### [Problem statement]
Repeat the entire listing exactly.
***** Data to process *****
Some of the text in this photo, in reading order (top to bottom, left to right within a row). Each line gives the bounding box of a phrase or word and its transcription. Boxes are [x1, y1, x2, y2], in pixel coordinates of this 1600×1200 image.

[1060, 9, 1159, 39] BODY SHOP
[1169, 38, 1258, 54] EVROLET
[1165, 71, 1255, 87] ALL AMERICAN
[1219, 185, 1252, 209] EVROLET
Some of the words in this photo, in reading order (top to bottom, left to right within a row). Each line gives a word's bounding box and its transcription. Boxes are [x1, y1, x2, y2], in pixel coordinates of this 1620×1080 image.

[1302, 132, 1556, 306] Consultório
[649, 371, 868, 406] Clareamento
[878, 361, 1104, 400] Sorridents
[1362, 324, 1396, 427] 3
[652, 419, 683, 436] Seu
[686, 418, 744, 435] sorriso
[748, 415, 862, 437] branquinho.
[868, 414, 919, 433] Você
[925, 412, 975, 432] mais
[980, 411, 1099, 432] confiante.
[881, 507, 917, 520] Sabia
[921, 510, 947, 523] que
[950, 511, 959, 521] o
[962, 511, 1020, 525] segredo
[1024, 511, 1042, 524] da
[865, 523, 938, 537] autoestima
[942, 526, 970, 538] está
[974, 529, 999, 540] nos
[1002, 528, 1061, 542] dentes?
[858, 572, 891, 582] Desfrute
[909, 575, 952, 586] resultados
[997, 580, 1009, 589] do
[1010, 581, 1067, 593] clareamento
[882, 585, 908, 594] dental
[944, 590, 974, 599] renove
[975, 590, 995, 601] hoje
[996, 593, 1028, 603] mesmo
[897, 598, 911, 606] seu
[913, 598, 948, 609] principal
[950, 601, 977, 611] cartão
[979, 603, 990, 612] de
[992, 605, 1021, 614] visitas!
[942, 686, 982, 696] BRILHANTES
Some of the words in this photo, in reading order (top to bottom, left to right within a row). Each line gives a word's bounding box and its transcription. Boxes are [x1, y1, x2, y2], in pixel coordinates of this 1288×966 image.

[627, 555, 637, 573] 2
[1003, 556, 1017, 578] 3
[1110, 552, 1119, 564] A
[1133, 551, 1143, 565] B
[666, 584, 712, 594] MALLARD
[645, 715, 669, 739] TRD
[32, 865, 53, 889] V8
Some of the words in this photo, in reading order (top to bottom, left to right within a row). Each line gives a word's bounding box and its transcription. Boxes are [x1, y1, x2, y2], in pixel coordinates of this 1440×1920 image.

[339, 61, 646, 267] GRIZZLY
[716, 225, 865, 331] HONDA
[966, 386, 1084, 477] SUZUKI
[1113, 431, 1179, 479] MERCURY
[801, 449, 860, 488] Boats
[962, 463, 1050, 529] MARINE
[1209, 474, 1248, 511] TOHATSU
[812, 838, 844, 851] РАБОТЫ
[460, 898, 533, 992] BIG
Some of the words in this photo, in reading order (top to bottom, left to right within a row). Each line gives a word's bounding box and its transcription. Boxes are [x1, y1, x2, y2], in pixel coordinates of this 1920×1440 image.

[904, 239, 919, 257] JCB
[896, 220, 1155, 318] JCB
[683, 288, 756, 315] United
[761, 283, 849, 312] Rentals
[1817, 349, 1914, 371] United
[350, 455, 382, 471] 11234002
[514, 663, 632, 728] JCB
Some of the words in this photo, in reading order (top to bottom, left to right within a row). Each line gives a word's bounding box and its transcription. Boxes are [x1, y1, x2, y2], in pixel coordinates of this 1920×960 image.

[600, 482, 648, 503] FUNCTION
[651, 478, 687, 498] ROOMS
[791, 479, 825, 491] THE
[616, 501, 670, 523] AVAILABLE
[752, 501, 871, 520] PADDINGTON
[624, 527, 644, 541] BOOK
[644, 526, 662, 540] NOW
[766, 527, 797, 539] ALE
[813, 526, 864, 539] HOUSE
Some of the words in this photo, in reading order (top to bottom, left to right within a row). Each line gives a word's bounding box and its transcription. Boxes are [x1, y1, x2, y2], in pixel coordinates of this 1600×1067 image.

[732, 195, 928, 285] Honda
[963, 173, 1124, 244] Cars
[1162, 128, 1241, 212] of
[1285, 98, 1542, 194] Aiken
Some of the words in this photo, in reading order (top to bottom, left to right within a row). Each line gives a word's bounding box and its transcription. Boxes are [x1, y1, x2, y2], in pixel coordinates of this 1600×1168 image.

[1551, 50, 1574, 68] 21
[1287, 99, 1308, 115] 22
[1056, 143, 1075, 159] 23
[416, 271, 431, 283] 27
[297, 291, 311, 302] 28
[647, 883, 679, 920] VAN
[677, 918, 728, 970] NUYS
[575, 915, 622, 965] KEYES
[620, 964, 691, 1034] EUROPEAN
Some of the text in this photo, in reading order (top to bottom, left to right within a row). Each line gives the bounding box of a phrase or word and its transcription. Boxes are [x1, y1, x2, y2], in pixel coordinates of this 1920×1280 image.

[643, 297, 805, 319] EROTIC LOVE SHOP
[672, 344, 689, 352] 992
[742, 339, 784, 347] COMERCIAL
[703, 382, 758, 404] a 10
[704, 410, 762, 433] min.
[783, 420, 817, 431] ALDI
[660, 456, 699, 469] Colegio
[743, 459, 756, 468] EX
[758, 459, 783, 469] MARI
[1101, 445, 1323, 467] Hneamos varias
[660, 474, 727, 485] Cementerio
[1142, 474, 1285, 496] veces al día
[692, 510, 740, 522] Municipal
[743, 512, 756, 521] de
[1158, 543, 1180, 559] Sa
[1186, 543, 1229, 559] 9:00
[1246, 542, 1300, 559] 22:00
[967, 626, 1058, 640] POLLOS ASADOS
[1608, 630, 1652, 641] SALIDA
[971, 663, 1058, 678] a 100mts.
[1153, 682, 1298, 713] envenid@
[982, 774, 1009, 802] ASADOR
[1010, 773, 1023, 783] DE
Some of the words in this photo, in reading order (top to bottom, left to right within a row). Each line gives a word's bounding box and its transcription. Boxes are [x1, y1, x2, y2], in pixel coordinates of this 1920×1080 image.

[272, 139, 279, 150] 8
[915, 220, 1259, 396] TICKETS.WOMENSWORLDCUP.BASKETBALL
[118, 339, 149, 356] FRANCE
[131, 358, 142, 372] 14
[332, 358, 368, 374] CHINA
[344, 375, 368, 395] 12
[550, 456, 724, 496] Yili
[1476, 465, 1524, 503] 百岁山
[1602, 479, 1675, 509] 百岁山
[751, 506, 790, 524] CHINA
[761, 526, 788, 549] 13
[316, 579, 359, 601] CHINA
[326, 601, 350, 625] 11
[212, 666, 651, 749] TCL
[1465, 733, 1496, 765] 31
*****
### [Your solution]
Some of the text in this photo, in reading order (top to bottom, left to right within a row). Each line gives the bounding box of a phrase or word and its transcription. Boxes are [x1, y1, x2, y2], in pixel coordinates of this 1600×1200 image.

[1060, 9, 1159, 39] BODY SHOP
[1169, 38, 1258, 54] EVROLET
[1165, 71, 1255, 87] ALL AMERICAN
[1219, 185, 1252, 209] EVROLET
Some of the words in this photo, in reading order (top to bottom, left to right within a row). Each line gives a word's bounding box and its transcription. Boxes are [x1, y1, x2, y2], in pixel coordinates of this 1620×1080 image.

[1302, 132, 1556, 306] Consultório
[649, 371, 868, 406] Clareamento
[878, 361, 1104, 400] Sorridents
[1362, 324, 1396, 427] 3
[652, 419, 683, 436] Seu
[686, 418, 744, 435] sorriso
[748, 415, 862, 437] branquinho.
[868, 414, 919, 433] Você
[925, 412, 975, 432] mais
[980, 411, 1099, 432] confiante.
[881, 507, 917, 520] Sabia
[921, 510, 947, 523] que
[950, 511, 959, 521] o
[962, 511, 1020, 525] segredo
[1024, 511, 1042, 524] da
[865, 523, 938, 537] autoestima
[942, 526, 970, 538] está
[974, 529, 999, 540] nos
[1002, 528, 1061, 542] dentes?
[858, 572, 891, 582] Desfrute
[909, 575, 952, 586] resultados
[997, 580, 1009, 589] do
[1010, 581, 1067, 593] clareamento
[882, 585, 908, 594] dental
[944, 590, 974, 599] renove
[975, 590, 995, 601] hoje
[996, 593, 1028, 603] mesmo
[897, 598, 911, 606] seu
[913, 598, 948, 609] principal
[950, 601, 977, 611] cartão
[979, 603, 990, 612] de
[992, 605, 1021, 614] visitas!
[942, 686, 982, 696] BRILHANTES
Some of the words in this photo, in reading order (top to bottom, left to right within a row). Each line gives a word's bounding box and its transcription. Boxes are [x1, y1, x2, y2], in pixel coordinates of this 1288×966 image.

[627, 555, 637, 573] 2
[1003, 556, 1017, 578] 3
[1110, 552, 1119, 564] A
[1133, 551, 1143, 565] B
[666, 584, 712, 594] MALLARD
[645, 715, 669, 739] TRD
[32, 865, 53, 889] V8
Some of the words in this photo, in reading order (top to bottom, left to right within a row). Each line gives a word's bounding box and its transcription. Boxes are [x1, y1, x2, y2], in pixel coordinates of this 1440×1920 image.

[339, 61, 646, 267] GRIZZLY
[716, 225, 865, 331] HONDA
[966, 386, 1084, 477] SUZUKI
[1113, 431, 1179, 479] MERCURY
[801, 449, 860, 488] Boats
[962, 463, 1050, 529] MARINE
[1209, 474, 1248, 511] TOHATSU
[812, 838, 844, 851] РАБОТЫ
[460, 898, 533, 992] BIG
Some of the words in this photo, in reading order (top to bottom, left to right within a row). Each line gives a word's bounding box and its transcription. Boxes are [x1, y1, x2, y2], in pixel coordinates of this 1920×1440 image.

[904, 239, 919, 257] JCB
[896, 220, 1155, 318] JCB
[683, 288, 756, 315] United
[761, 283, 849, 312] Rentals
[1817, 349, 1914, 371] United
[350, 455, 382, 471] 11234002
[514, 663, 632, 728] JCB
Some of the words in this photo, in reading order (top to bottom, left to right within a row). Each line gives a word's bounding box and its transcription. Boxes are [x1, y1, x2, y2], in pixel coordinates of this 1920×960 image.

[600, 482, 648, 503] FUNCTION
[651, 478, 687, 498] ROOMS
[791, 479, 825, 491] THE
[616, 501, 670, 523] AVAILABLE
[752, 501, 871, 520] PADDINGTON
[624, 527, 644, 541] BOOK
[644, 526, 662, 540] NOW
[766, 527, 797, 539] ALE
[813, 526, 864, 539] HOUSE
Some of the words in this photo, in reading order (top to bottom, left to right within a row). Each line gives a word's bounding box and its transcription. Boxes are [x1, y1, x2, y2], in pixel coordinates of this 1600×1067 image.

[732, 195, 928, 285] Honda
[963, 173, 1124, 244] Cars
[1162, 128, 1241, 212] of
[1285, 98, 1542, 194] Aiken
Some of the words in this photo, in reading order (top to bottom, left to right within a row). Each line gives a word's bounding box and its transcription. Boxes are [x1, y1, x2, y2], in pixel coordinates of this 1600×1168 image.

[1551, 50, 1574, 68] 21
[1287, 99, 1308, 115] 22
[1056, 143, 1075, 159] 23
[416, 271, 431, 283] 27
[297, 291, 311, 302] 28
[647, 883, 679, 920] VAN
[677, 918, 728, 970] NUYS
[575, 915, 622, 965] KEYES
[620, 964, 691, 1034] EUROPEAN
Some of the text in this photo, in reading order (top to bottom, left to right within a row). Each line gives the bounding box of a phrase or word and its transcription. Boxes are [x1, y1, x2, y2], in pixel coordinates of this 1920×1280 image.

[643, 297, 805, 319] EROTIC LOVE SHOP
[672, 344, 689, 352] 992
[742, 339, 784, 347] COMERCIAL
[703, 382, 758, 404] a 10
[704, 410, 762, 433] min.
[783, 420, 817, 431] ALDI
[660, 456, 699, 469] Colegio
[743, 459, 756, 468] EX
[758, 459, 783, 469] MARI
[1101, 445, 1323, 467] Hneamos varias
[660, 474, 727, 485] Cementerio
[1142, 474, 1285, 496] veces al día
[692, 510, 740, 522] Municipal
[743, 512, 756, 521] de
[1158, 543, 1180, 559] Sa
[1186, 543, 1229, 559] 9:00
[1246, 542, 1300, 559] 22:00
[967, 626, 1058, 640] POLLOS ASADOS
[1608, 630, 1652, 641] SALIDA
[971, 663, 1058, 678] a 100mts.
[1153, 682, 1298, 713] envenid@
[982, 774, 1009, 802] ASADOR
[1010, 773, 1023, 783] DE
Some of the words in this photo, in reading order (top to bottom, left to right within a row). Each line gives a word's bounding box and its transcription. Boxes are [x1, y1, x2, y2], in pixel coordinates of this 1920×1080 image.

[272, 139, 279, 150] 8
[915, 220, 1259, 396] TICKETS.WOMENSWORLDCUP.BASKETBALL
[118, 339, 149, 356] FRANCE
[131, 358, 142, 372] 14
[332, 358, 368, 374] CHINA
[344, 375, 368, 395] 12
[550, 456, 724, 496] Yili
[1476, 465, 1524, 503] 百岁山
[1602, 479, 1675, 509] 百岁山
[751, 506, 790, 524] CHINA
[761, 526, 788, 549] 13
[316, 579, 359, 601] CHINA
[326, 601, 350, 625] 11
[212, 666, 651, 749] TCL
[1465, 733, 1496, 765] 31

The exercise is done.